La formation d’une « communauté débattante »

1. L’influence du débat sur la décision passe par la formation d’un « communauté débattante »

Le président de la commission particulière tire deux conclusions de son compte rendu du débat public de Nice. M. Paul Vialatte concède d’abord, suite aux réactions suscitées par nombre de ses décisions : « On ne sort jamais indemne d’un “grand” débat public » (Compte rendu Cpdp de Nice, 2002). Ce résultat, non intentionnel dans ce cas-ci, avait déjà été énoncé par d’autres présidents et est devenu depuis un élément de culture de la CNDP5. Processus de « concernement », dynamique de partage de l’expérience sensible, reconnaissance des expériences et légitimation des points de vue minoritaires, quitte à déstabiliser les positions les plus établies, nous apparaissent ainsi être les résultats possibles d’un débat organisé non pour être clos par un consensus mais pour composer un collectif qui donnera effet au débat dans la suite du processus de décision. La formation de ce collectif légitime la procédure de débat public en validant ses modalités d’organisation. La « communauté débattante » se constitue dans un processus de reconnaissance mutuelle des participants au débat qui y développent une intelligence collective. Les modalités d’organisation du débat déterminent ainsi la formation d’un collectif en capacité de manifester la légitimité de la procédure par ce qu’a produit le débat, de faire vivre l’intelligence collective créée et valoir la reconnaissance sociale acquise dans le débat. Le lien entre débat et décision passe donc par la composition de ce collectif que nous avons nommé « communauté débattante ».

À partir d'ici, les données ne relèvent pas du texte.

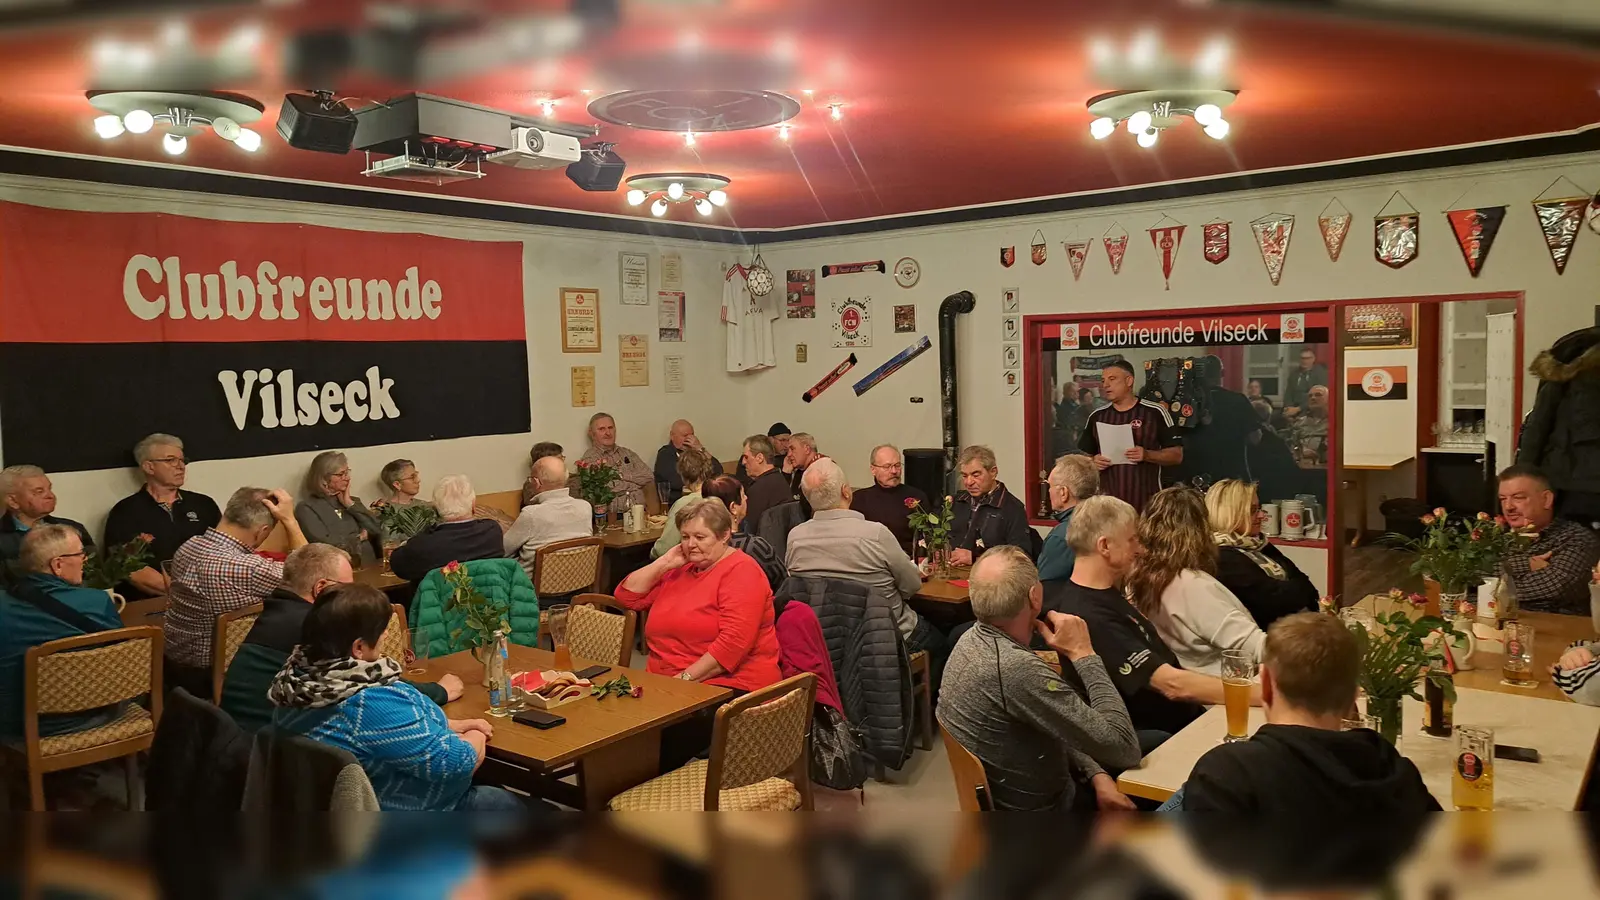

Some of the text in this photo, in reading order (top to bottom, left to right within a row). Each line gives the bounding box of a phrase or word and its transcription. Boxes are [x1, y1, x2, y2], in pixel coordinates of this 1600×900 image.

5. Gilbert Carrère, président de la Commission particulière du récent débat public sur le projet de liaison autoroutière Amiens-Lille-Belgique (29/9/2003 au 20/01/2004) indique dans sa présentation que, le rôle du débat étant de se forger une opinion, « Le débat public qui va s’ouvrir, je le souhaite, nous transformera ».

2. La perplexité que contribue à faire surgir le débat explique sa capacité à produire des effets sur la décision

Nous pouvons alors partager la seconde conclusion de M. Paul Vialatte : « Après un débat public, il devient donc plus difficile de décider » (Compte rendu Cpdp de Nice, 2002), à laquelle faisait écho un hebdomadaire professionnel régional en titrant : « Du débat naît le doute » (TPBM n° 391 du 22/3/2002). L’exercice du débat public bouleverse en effet la manière d’envisager les rapports entre délibération et décision. Il ne s’agit plus d’éclairer les décideurs selon la vieille logique consultative ni, bien sûr, de les paralyser selon une vision tout aussi instrumentale de la délibération. C’est la perplexité (Latour, 1999) que contribuent à faire surgir le déroulement et les produits du débat qui explique sa capacité à produire des effets par la suite. Perplexité, en effet, car le débat complexifie le projet en l’associant à un milieu (au sens de Simondon), c’est-à-dire ici : le territoire, les objets et problèmes, les configurations d’acteurs, humains et non-humains, dont le débat a manifesté la nécessaire prise en compte dans le processus de décision. Mais la « communauté débattante » qui porte ce nouvel ancrage de la décision reste un collectif incertain. Composée dans la dynamique du débat, elle peine à se maintenir hors du cadre égalitaire de la procédure, alors que l’échange se dilue dans la durée élastique d’un processus de décision dont la maîtrise n’appartient plus au collectif.

Pour l’activité de la CNDP, cette idée de perplexité implique de pouvoir jouer pleinement son rôle de garant de la participation du public durant tout le processus de décision, rôle que lui confie la loi de démocratie de proximité. C’est en effet en jouant ce rôle qu’elle contribuera à ce qu’une « communauté débattante » puisse se maintenir dans le processus de décision, y fasse respecter la reconnaissance sociale acquise par les participants dans le débat, et y fasse valoir l’intelligence collective créée.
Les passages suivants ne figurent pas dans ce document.